Wearable device: saranno disruptive? Forse, ma per Evernote c’è ancora molto da capire

Più disruptive di quanto siano stati stati smartphone e tablet”. Così Philip Libin, CEO di Evernote, vede i wearable device, oggetti intelligenti che sempre di più interagiranno con le persone e con il mondo circostante realizzando gran parte di quello scenario del futuro che è l’Internet of Everything.

Damian Mehers
Damian Mehers è Senior Software Engineer di Evernote.

Siamo davvero di fronte ad una vera e propria rivoluzione per cui Google Glass, smartwatch e polsiere da fitness, cambieranno il modo con cui viviamo e le imprese tech faranno business? Il mercato è molto promettente al momento ma non possiamo dimenticare che oggi i wearable device, e con essi chi li produce, stanno anticipano dei trend. Certamente i device indossabili possono cambiare lavoro e prospettive commerciali di molte imprese, ci spiega Damian Mehers, Senior Software Engineer di Evernote, ma “è ancora molto presto, non sappiamo di preciso che cosa potremo fare con i wearable e come verranno usati dalle persone.” Quella che stiamo vivendo è una fase di studio, che aiuta a capire “cosa le persone potranno fare davvero con essi.” In sostanza stiamo oggi “imparando” a capire, anche attraverso i riscontri del business “come tali oggetti possano aiutare le persone.”

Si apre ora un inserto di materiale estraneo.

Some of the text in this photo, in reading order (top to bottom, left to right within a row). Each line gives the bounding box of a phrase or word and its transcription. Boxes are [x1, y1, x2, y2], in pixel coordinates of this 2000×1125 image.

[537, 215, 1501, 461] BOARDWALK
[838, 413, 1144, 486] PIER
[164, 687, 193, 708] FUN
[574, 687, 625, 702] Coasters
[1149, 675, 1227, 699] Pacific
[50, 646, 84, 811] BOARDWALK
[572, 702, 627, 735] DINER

Ma come potrebbero cambiare le cose? Da un punto di vista pratico con i wearable device, ci dice Mehers, non dovremo più preoccuparci di “guardare costantemente i nostro smartphone, per controllare, Facebook, tweet o e-mail,” mentre oggi siamo “sprofondati in essi”. Avere uno smartwatch al polso, ad esempio, potrebbe cambiare modello di uso e intercettare una esigenza non da poco, ovvero quella di “poter decidere se quello che compare sul polsi sia qualcosa che valga la pena di leggere oppure no”. Se sia questo quello di cui abbiamo bisogno è un’altra storia, ma i wearable “danno l’opportunità di scegliere, senza vincoli. Si assisterà a un lento slittamento nella percezione, e quindi nell’uso, dei wearable device.”
In questo senso non esiste oggi un device indossabile perfetto: ogni wearable oggi fa bene cose che altri non fanno ma l’ottica verso cui lavorare sarà quella della convergenza.

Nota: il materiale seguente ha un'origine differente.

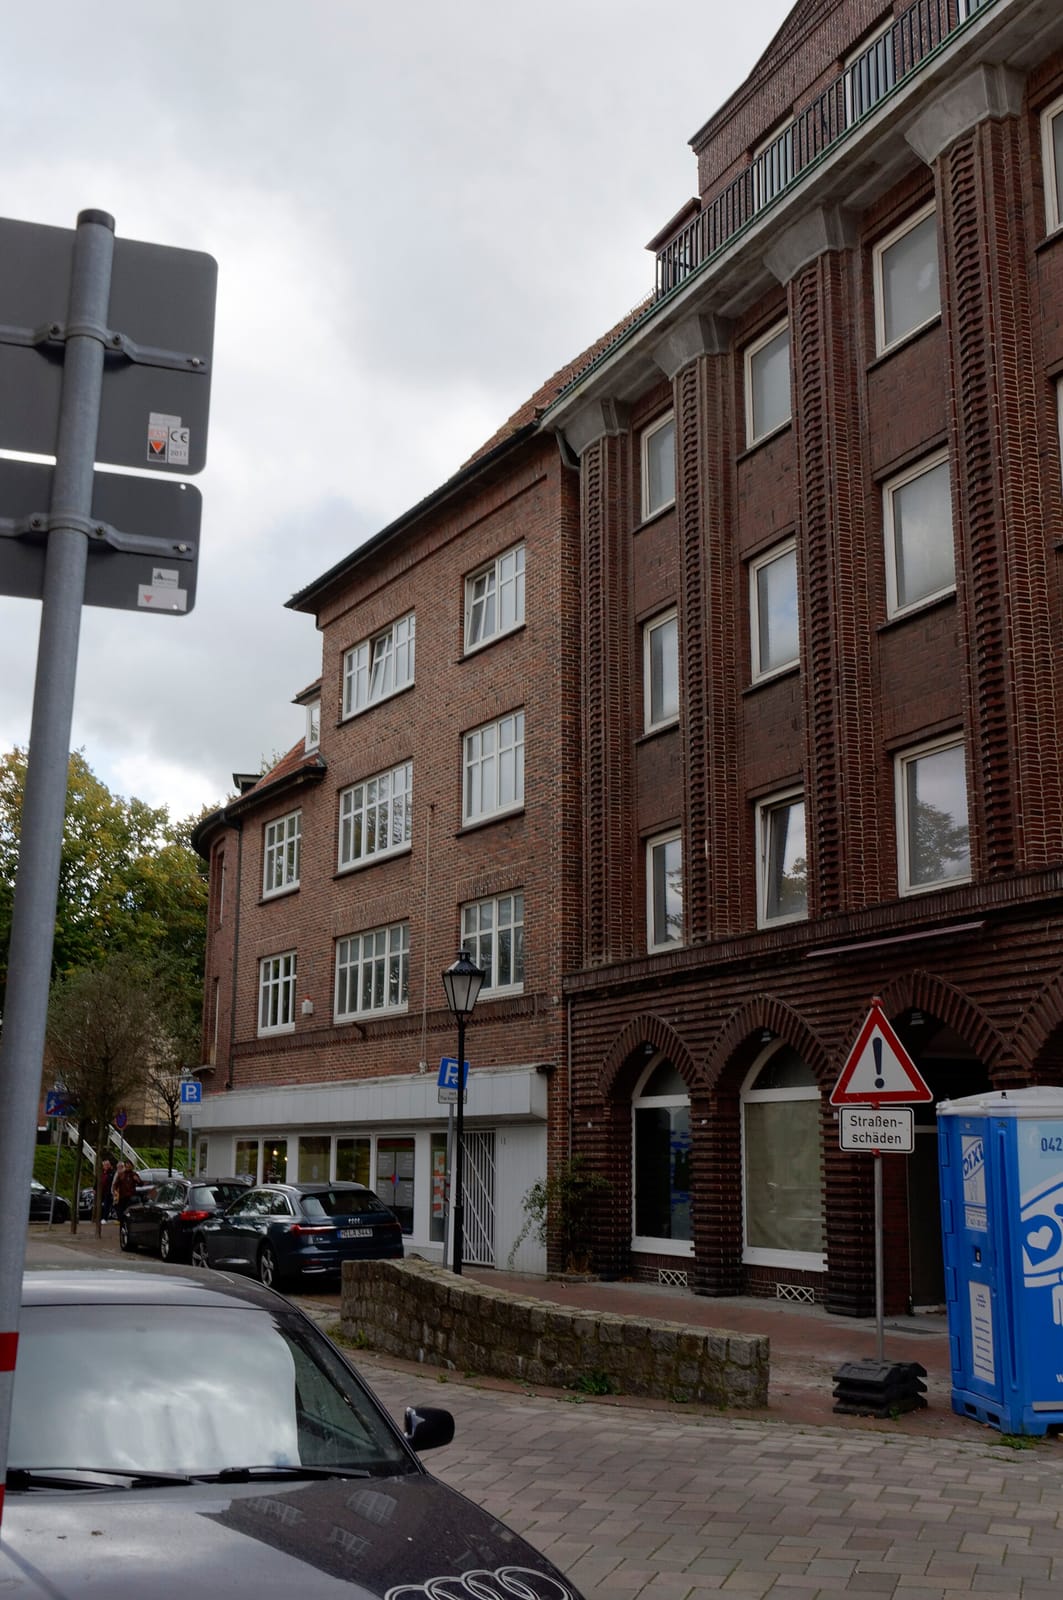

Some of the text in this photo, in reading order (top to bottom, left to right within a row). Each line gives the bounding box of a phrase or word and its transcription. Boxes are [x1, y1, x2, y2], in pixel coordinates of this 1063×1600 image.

[170, 430, 188, 443] CE
[185, 1085, 197, 1101] P
[850, 1115, 903, 1128] Straßen-
[852, 1132, 902, 1144] schäden

In questo stimolante contesto Evernote sta lavorando allo sviluppo di app per il Samsung Galaxy Gear e Android Wear. “L’obiettivo di Evernote è da sempre quello di essere disponibile ovunque: pc, telefonia mobile, etc… ed ha quindi molto senso entrare nel mondo dei wearable perché si tratta di un altro canale promettente con cui realizzare tale ambizione.” spiega Mehers. Sono infatti ottimi per ricevere ma anche per creare note e averle sempre a portata di mano. Pensiamo a quello che fanno i Glass: “è facile dare un comando vocale e annotare un pensiero, un’ idea.” E in prospettiva i device possono essere per Evernote “un modo per presentare le informazioni dei singoli account in base ai contatti.”  Non a caso l’azienda pone molta attenzione a come “poter rendere le persone più intelligenti dando loro le giuste informazioni.” Ovviando a quella frequente situazione percui spesso ci si dimentica di ciò che è annotato su Evernote anche si tratta di risorse potenzialmente utili e di valore che possono arricchire gli utenti quando ne hanno davvero bisogno.

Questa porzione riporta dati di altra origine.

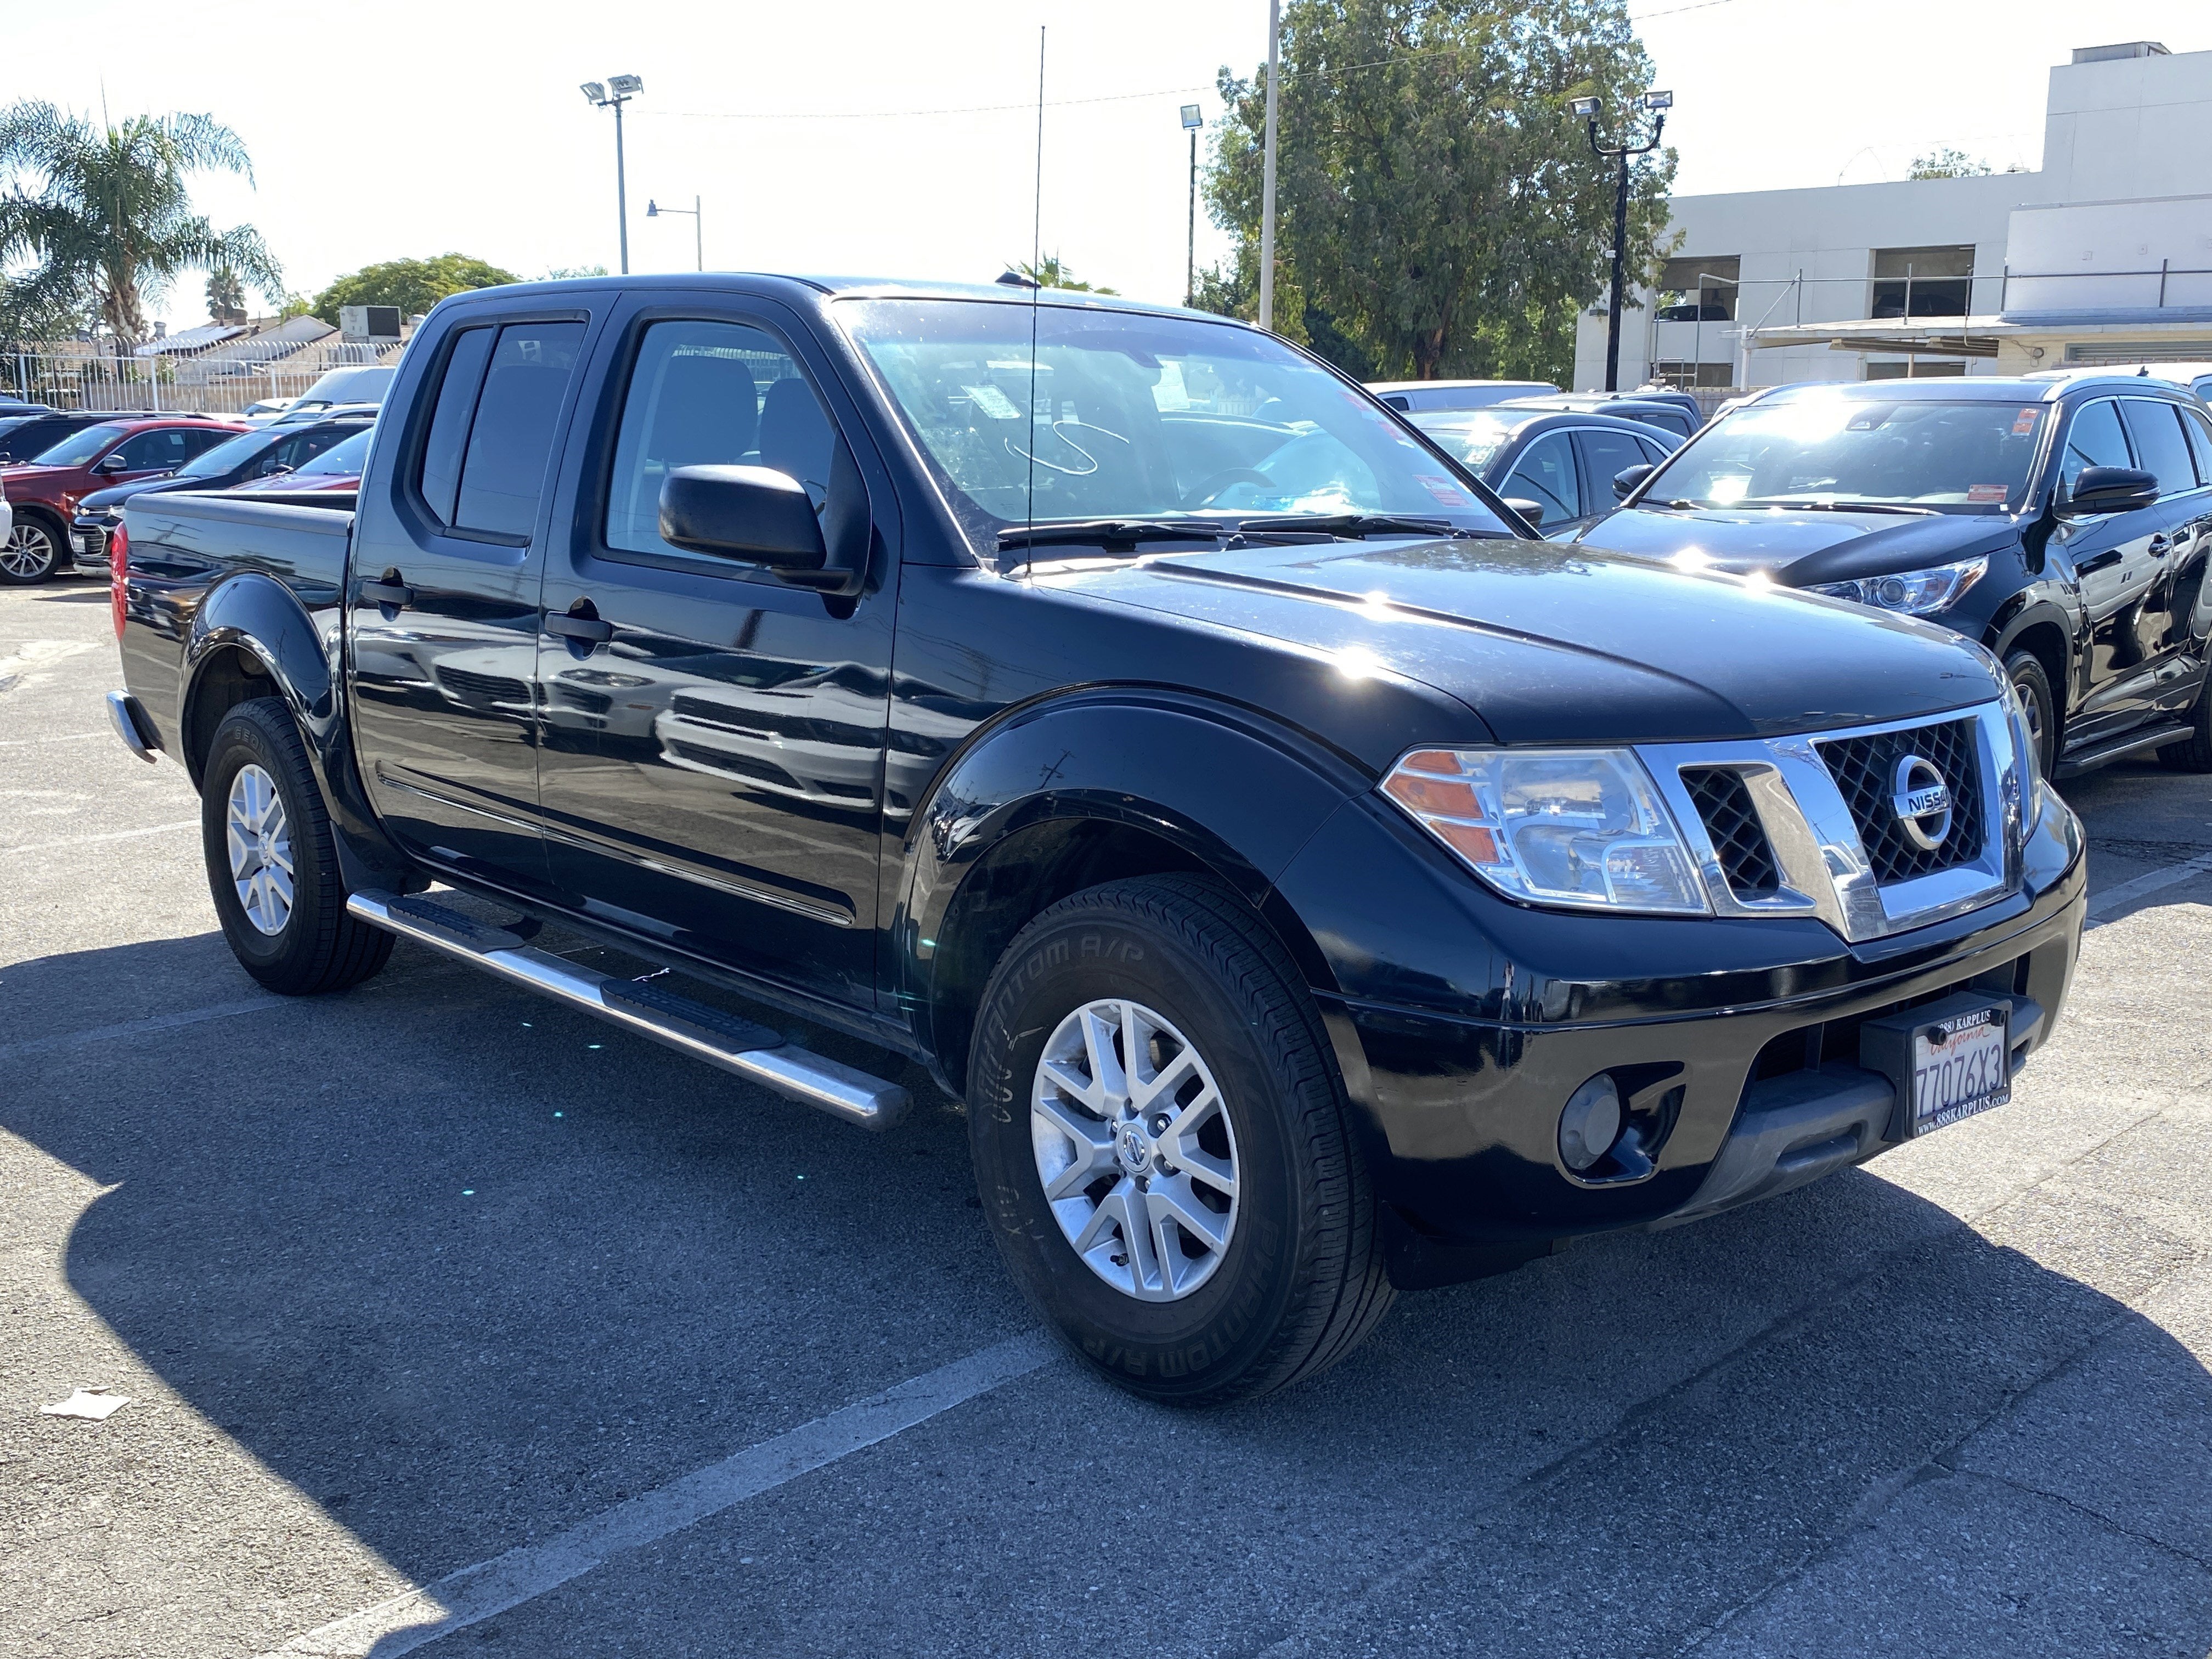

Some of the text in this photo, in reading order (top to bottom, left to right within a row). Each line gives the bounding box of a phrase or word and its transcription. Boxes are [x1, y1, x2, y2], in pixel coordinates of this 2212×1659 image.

Device indossabili capaci di entrare nella vita delle persone tanto da essere quasi naturali loro estensioni. E’ uno scenario poi così lontano? Probabilmente no e forse non manca poi così tanto dal realizzare la fantascientifica visione di oggetti sottocutanei in grado di monitorare nel profondo la salute di tutti noi. “Non è poi così al limite, come immagine.” Conclude David Mahers “In fondo anche i paecemaker hanno la stessa funzione” e oggi nessuno si sognerebbe di storcere il naso davanti a un device salvavita.